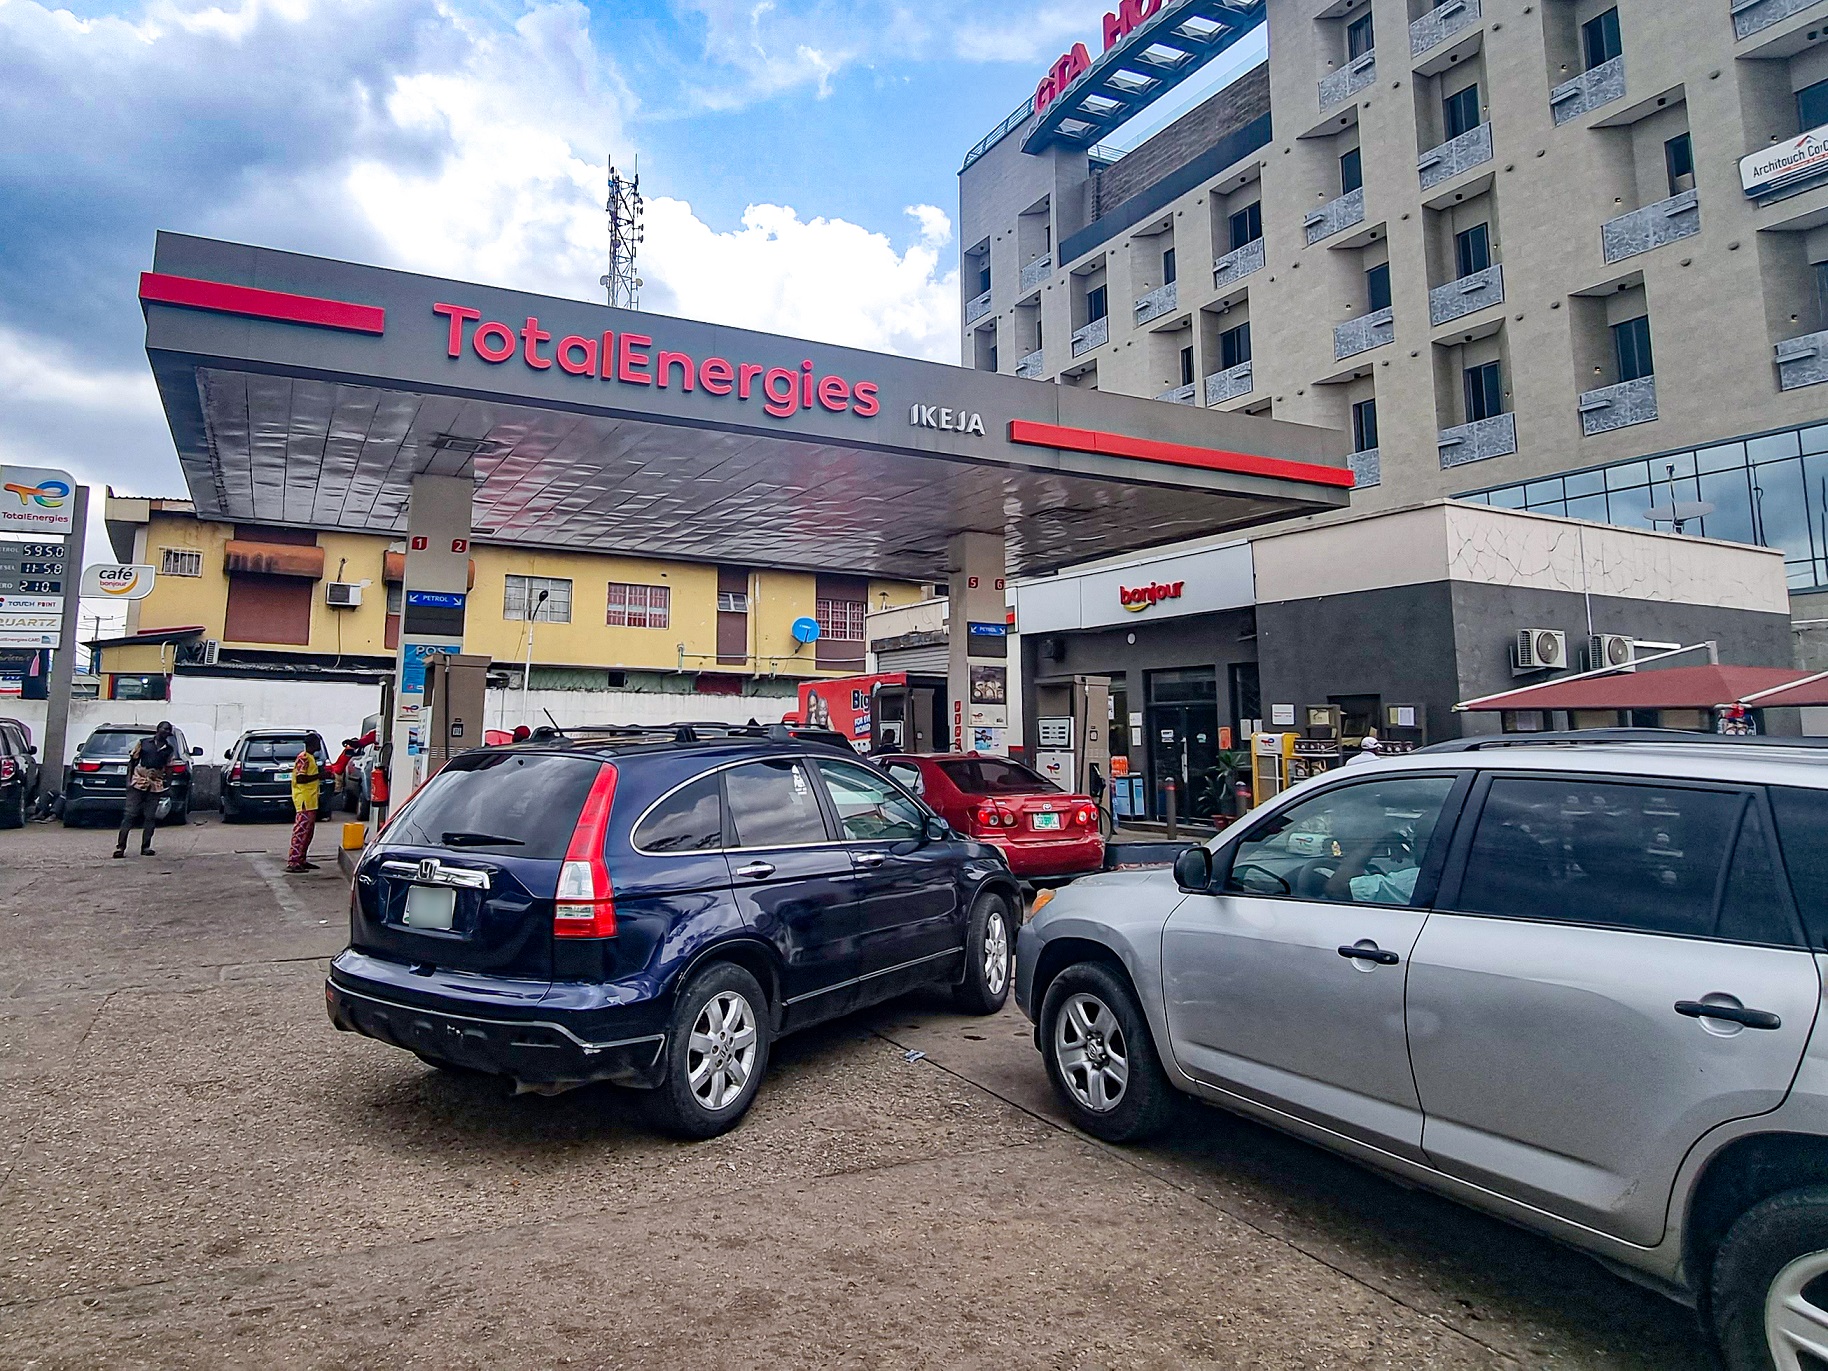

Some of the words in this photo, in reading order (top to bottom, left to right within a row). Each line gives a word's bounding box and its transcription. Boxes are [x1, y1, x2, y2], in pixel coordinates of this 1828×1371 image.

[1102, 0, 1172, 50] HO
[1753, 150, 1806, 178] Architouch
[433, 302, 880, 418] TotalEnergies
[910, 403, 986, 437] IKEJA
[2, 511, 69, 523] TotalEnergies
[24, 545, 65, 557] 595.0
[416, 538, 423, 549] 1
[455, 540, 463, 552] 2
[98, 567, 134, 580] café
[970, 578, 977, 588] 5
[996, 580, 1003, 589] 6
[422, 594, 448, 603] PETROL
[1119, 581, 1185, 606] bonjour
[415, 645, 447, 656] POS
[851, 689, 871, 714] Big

==================================================

Requirement: The records above must be printed exactly; the pictures stay out.

Answer:
Some of the words in this photo, in reading order (top to bottom, left to right within a row). Each line gives a word's bounding box and its transcription. Boxes are [x1, y1, x2, y2], in pixel coordinates of this 1828×1371 image.

[1102, 0, 1172, 50] HO
[1753, 150, 1806, 178] Architouch
[433, 302, 880, 418] TotalEnergies
[910, 403, 986, 437] IKEJA
[2, 511, 69, 523] TotalEnergies
[24, 545, 65, 557] 595.0
[416, 538, 423, 549] 1
[455, 540, 463, 552] 2
[98, 567, 134, 580] café
[970, 578, 977, 588] 5
[996, 580, 1003, 589] 6
[422, 594, 448, 603] PETROL
[1119, 581, 1185, 606] bonjour
[415, 645, 447, 656] POS
[851, 689, 871, 714] Big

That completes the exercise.